Fate vs. Coincidence

(or – They Say Confession Is Good For The Soul, But …)

 

Today is Sunday the third of November, 2002.  It is 5:01AM, according to the little number down in the lower right-hand corner of the screen.  I’ve been awake for a while now, thinking.  Ruminating.  Cogitating.  Turning things over and examining them from several angles.  It’s not insomnia, really.  Doris and I went to bed early and were both asleep before ten last night.  Yesterday was very busy, and was both physically taxing and an emotional stretch.  But I’ll get to that later.

A little background.  When I was in college I had a friend whom I will call “Lila” (primarily due to the fact that her name was Lila) who attended Mercer University in Macon, Georgia, the same storied set of ivy-covered halls where my sister and my wife received their degrees.  Lila had one friend named Jay and another named Kris, and the four of us kinda hung around together whenever I was in town.  I was working on my Mech-E degree up the road a piece in Atlanta, but I had to do the Co-op program to pay for it, my folks not having the necessary fiscal solvency to shell out big bucks for my education.  Most of the time I spent working for actually money was in the Macon area.  Georgia Power Company was building a new power plant just north of there and I was a teeny-tiny little cog in that effort.  But that’s only the setting and has nothing to do with this story.

I’d met Lila when I was seventeen.  We had both won a place on the National Merit Scholar Star Tour of Georgia (yeah, I was a major geek – get over it) and had bonded more or less instantly.  We kept in touch after that, which is how I came to meet Jay and Kris.  Turns out we all had a near-maniacal love for the works of J.R.R. Tolkien.  We’d sit around for hours playing Tolkien trivia in the Mercer Student Union.  Kris was writing a story of his own, a piece of high fantasy that I frankly thought was pretty good.  He never did finish it that I knew of, but the plot looked good, and his prose was solid.  I wanted to know how it ended, but …

Doris and I got married in 1983.  I didn’t graduate until 1985.  Doing things that way was tremendously difficult, and I really don’t recommend it to anyone else, but we just couldn’t live without each other, so there you are.  I’d have married her at fifteen, if I had known her.  So, anyway, we were living in the student ghetto beside Georgia Tech, with this fellow student, an Architecture major who was one of the most unique individuals I’ve ever known (again, another story that has nothing to do with this one, but quite entertaining in its own right).  Kris came by to visit once, and I could tell he was awfully upset about something.  I suspected, but did not say anything. 

(As a quick aside, you should probably know that I spent many, many years behaving like a jerk, and got the necessary jerkism techniques pretty much perfected.  I like to think I’ve improved, but it’s taken a long time.  A very long time.)

Later, after I’d graduated and we’d moved to Macon so Doris could finish her degree, we heard that Kris had “come out”.  My initial reaction was along the lines of, “Well, considering his upbringing, that’s hardly surprising.”  I’d met his parents, and he’d confided some of the details of the hell that passed for a childhood in his case.  But he had never been the type of person who would press charges against his family and friends, regardless of whether or not they deserved it.

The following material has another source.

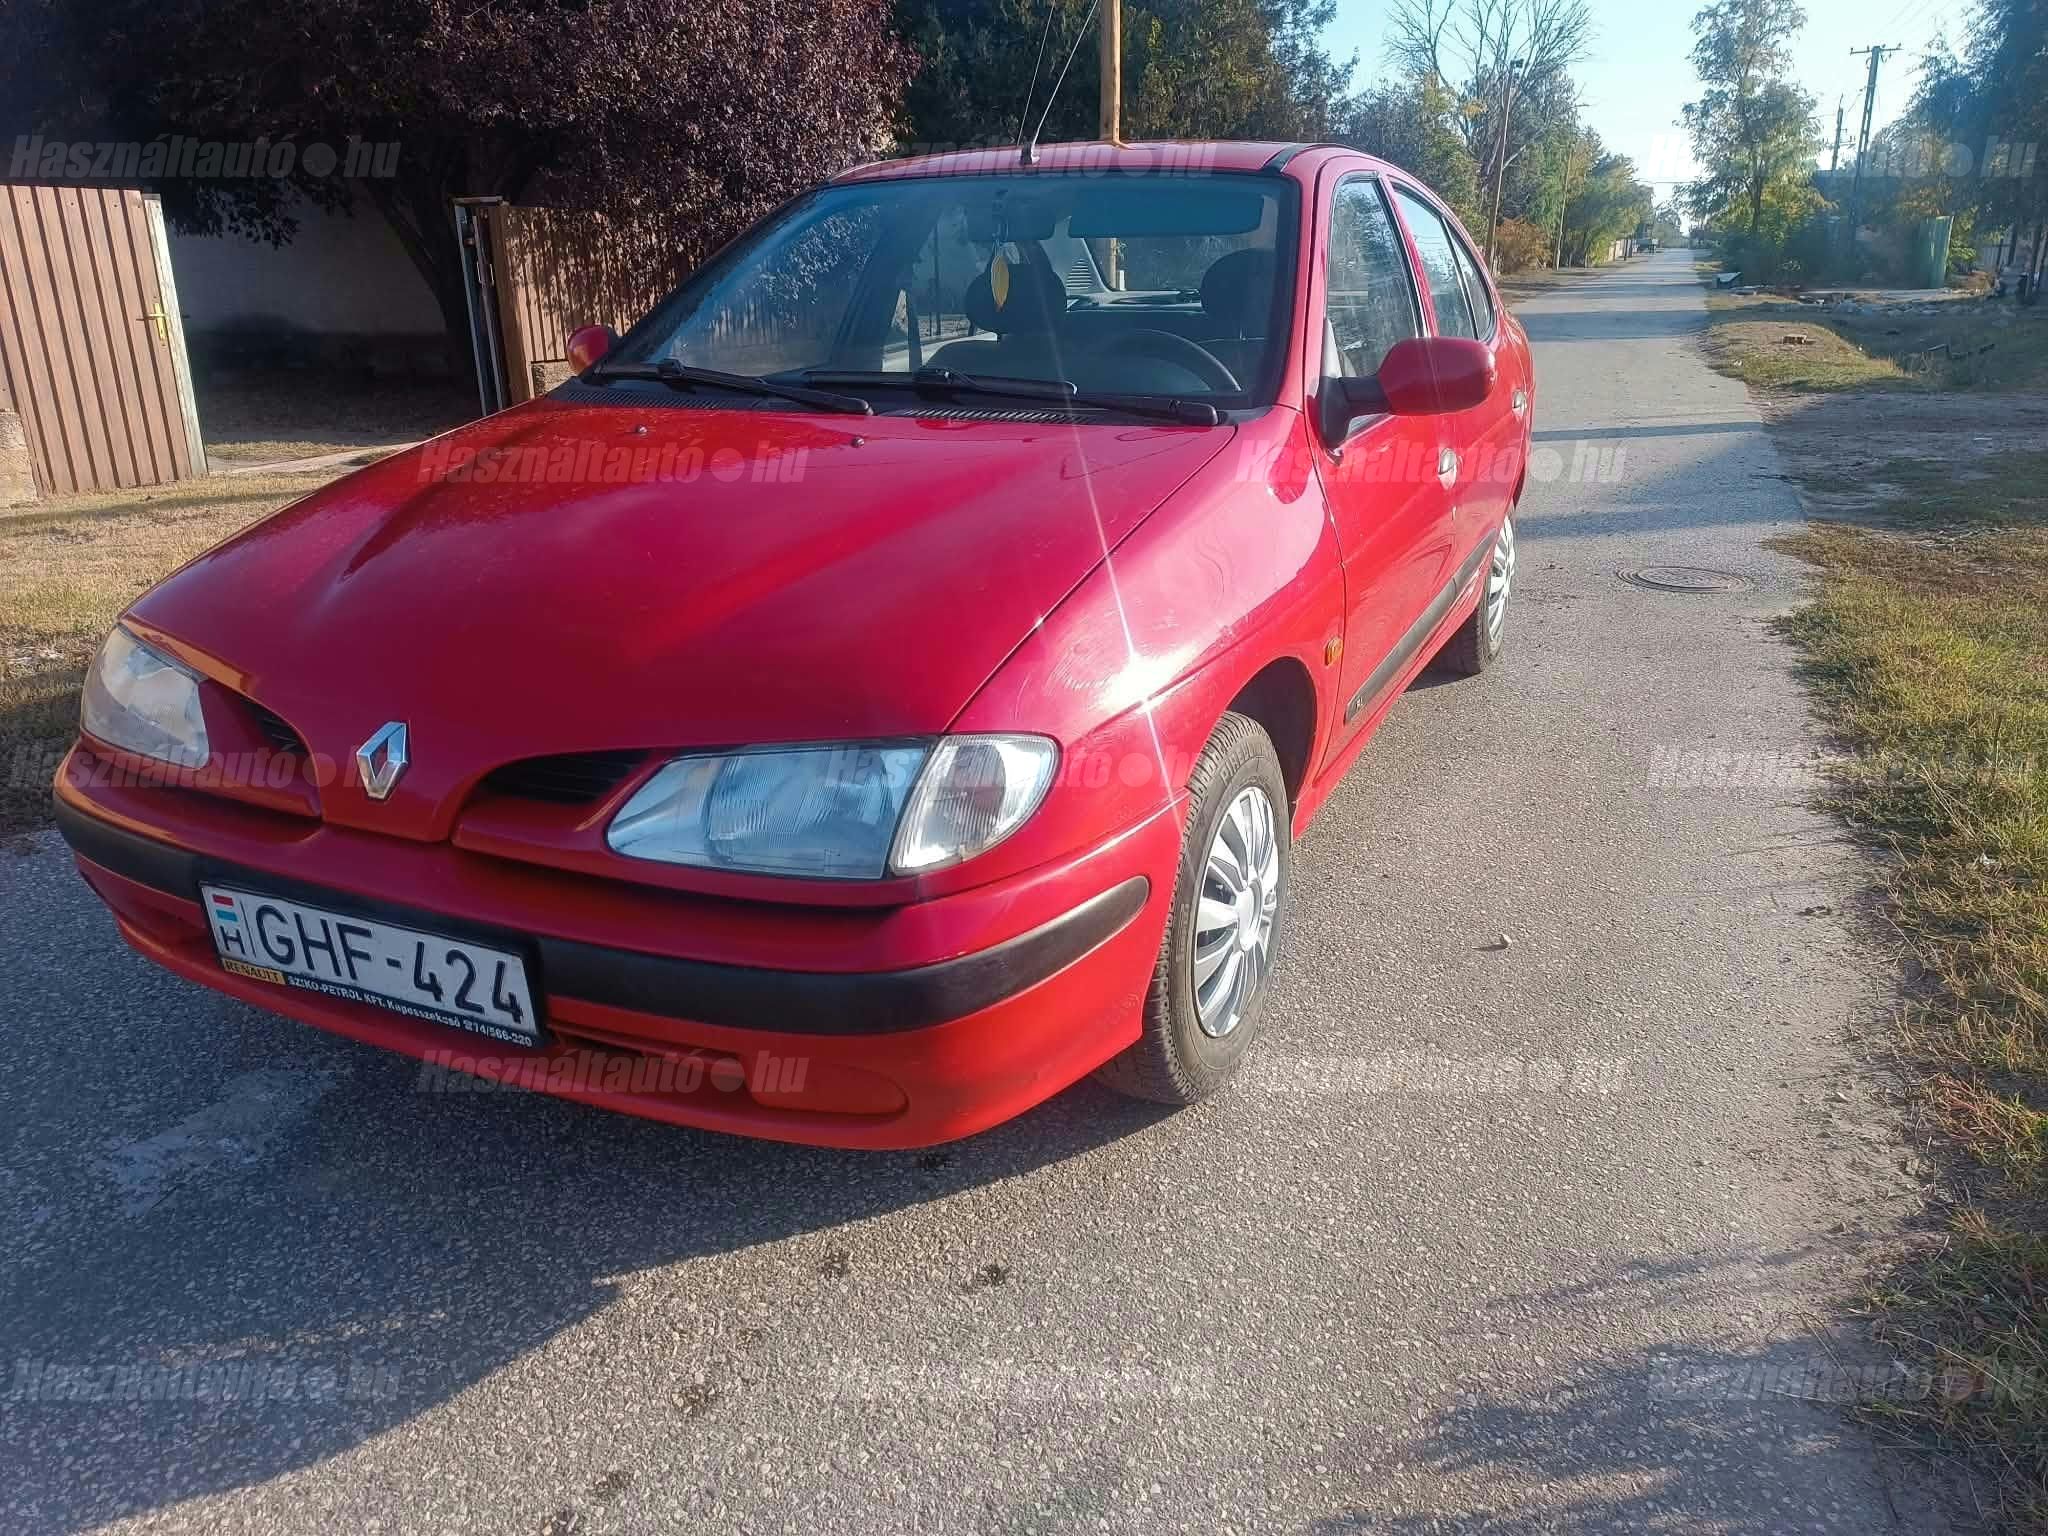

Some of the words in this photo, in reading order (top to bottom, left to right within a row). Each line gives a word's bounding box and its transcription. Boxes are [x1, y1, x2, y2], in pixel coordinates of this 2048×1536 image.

Point of information:  I’d become a Christian in late spring of 1986, and if you’ve been around new converts much, you’ll know how strident and gung-ho they can be, especially those of us who were jerks to begin with.  Doris went through that at the age of thirteen, and managed to tick off all the other (decidedly non-Christian) members of her family.  She’d told me all about it, but my skull can be extraordinarily thick, and my ability to apply life lessons from other people’s experiences has never been all that well-developed.  So, in that context, hearing second-hand about Kris’ own ‘Conversion To The Dark Side’ made me sad.

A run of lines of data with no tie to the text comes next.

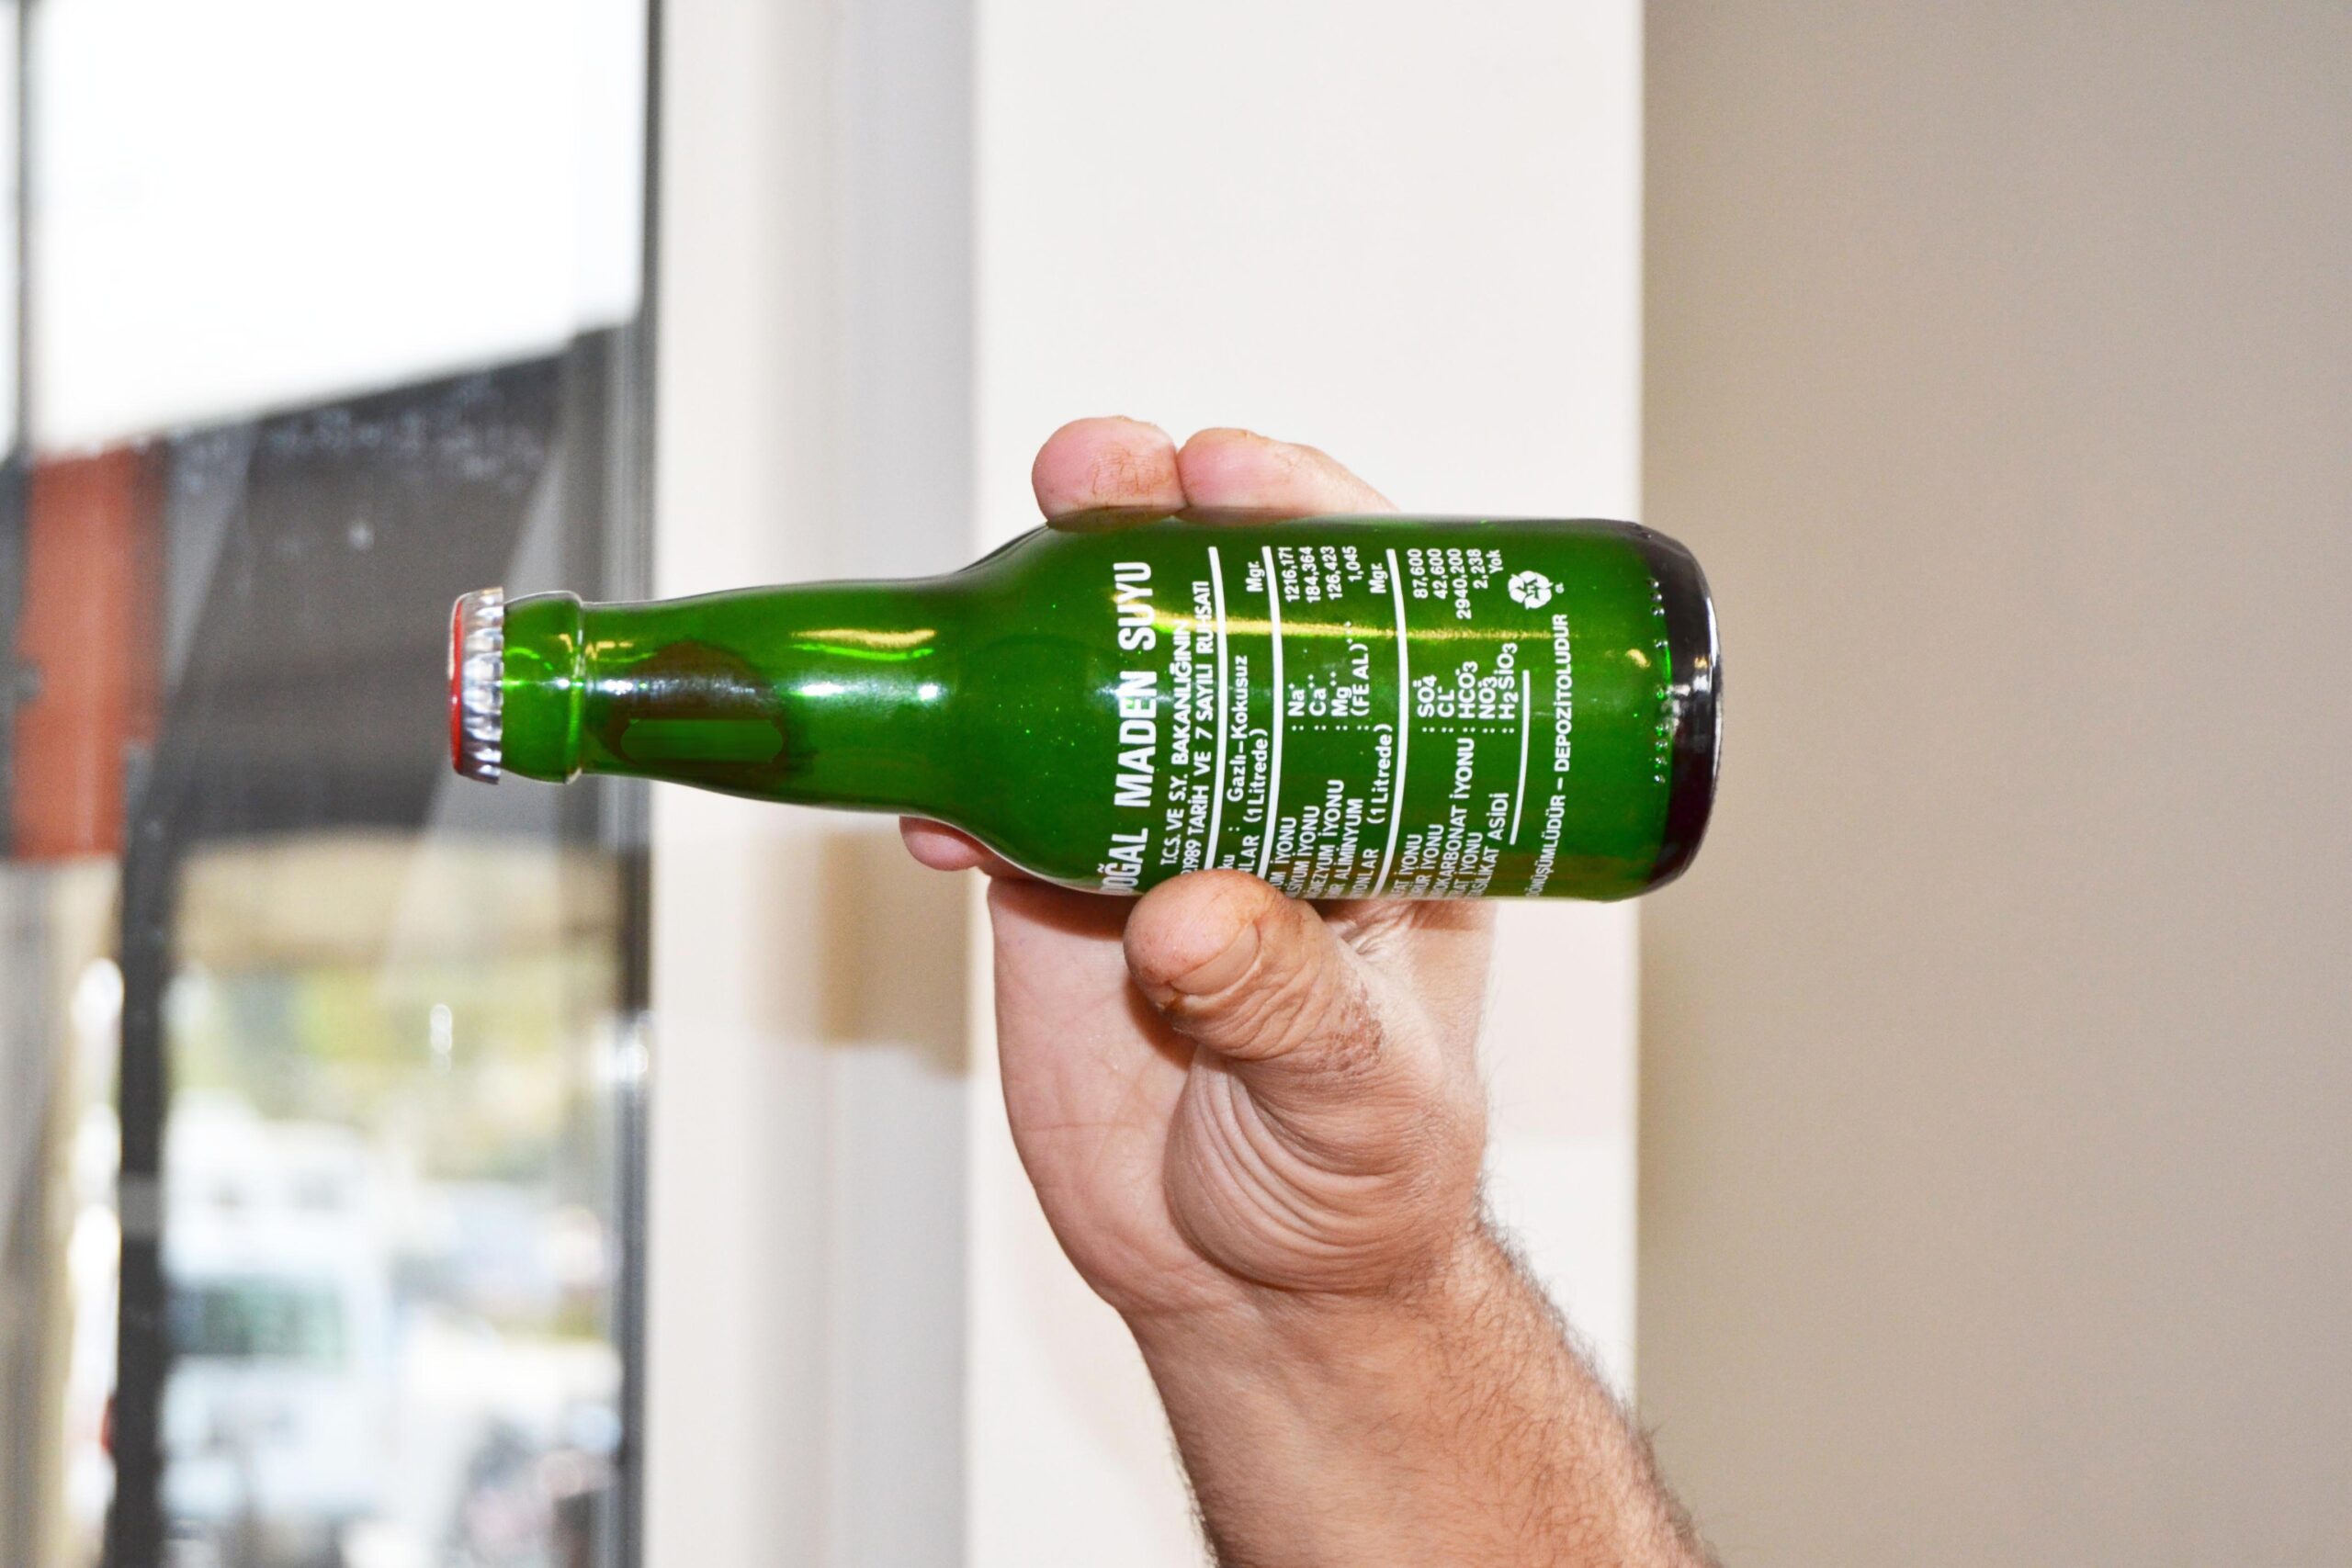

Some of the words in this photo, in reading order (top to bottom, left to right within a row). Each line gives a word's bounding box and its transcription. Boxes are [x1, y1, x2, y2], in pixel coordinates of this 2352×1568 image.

[1246, 561, 1264, 592] Mgr.
[1278, 547, 1300, 602] 1216,171
[1299, 547, 1321, 603] 184,364
[1320, 546, 1342, 599] 126,423
[1342, 546, 1363, 581] 1,045
[1368, 562, 1388, 593] Mgr.
[1427, 548, 1448, 599] 42,600
[1447, 548, 1472, 619] 2940,200
[1467, 549, 1488, 588] 2,238
[1487, 550, 1504, 573] Yok
[1113, 562, 1156, 650] SUYU
[1170, 620, 1192, 764] BAKANLIĞININ
[1196, 664, 1213, 721] SAYILI
[1394, 834, 1422, 874] İYONU
[1408, 548, 1429, 598] 87,600
[1553, 614, 1572, 772] DEPOZİTOLUDUR
[1114, 671, 1157, 807] MADEN
[1195, 726, 1213, 739] 7
[1169, 773, 1188, 801] S.Y.
[1193, 751, 1212, 775] VE
[1449, 738, 1475, 799] İYONU
[1166, 808, 1184, 830] VE
[1187, 785, 1209, 835] TARİH
[1293, 806, 1320, 856] İYONU
[1317, 779, 1344, 836] İYONU
[1487, 793, 1509, 840] ASİDİ
[1097, 829, 1148, 895] DOĞAL
[1217, 854, 1235, 869] ku
[1238, 835, 1260, 873] NLAR
[1270, 818, 1296, 863] İYONU
[1333, 798, 1363, 879] ALİMİNYUM
[1416, 824, 1444, 869] İYONU
[1454, 832, 1483, 874] İYONU

Fast-forward to 1991.  Lucy is two, Joe is six months, and we are living in New Bern, North Carolina.  New Bern isn’t the backside of all Creation, but you can see it from there.  We were thirteen hours by Interstate from the nearest relative, and the area was socially backward and spiritually stunted.  Doris was battling severe post-partum depression.  We didn’t like the church we were attending, but it was the least of evils available.  I HATED my job with Bosch Power Tools.  My boss was insane, a workaholic who drove his direct reports mercilessly, and who could have given lessons in mental torture to Torquemada.

Happy?  No, you might say we weren’t happy.

Things were tense at home.  I was putting in sixty-hour-minimum weeks at a time when Doris desperately needed my presence, and help dealing with the kids.  I had my resumé out to several headhunters, but hadn’t heard anything positive.  I was on the Board of Directors of the local Crisis Pregnancy Center, which I’d helped to start.  That was actually the high point of my stay in New Bern.  It was only open two days a week, but we saw over seven hundred clients in the first six months of operation.  Normally, that wouldn’t even be tangential to the story I’m telling, except for one little detail.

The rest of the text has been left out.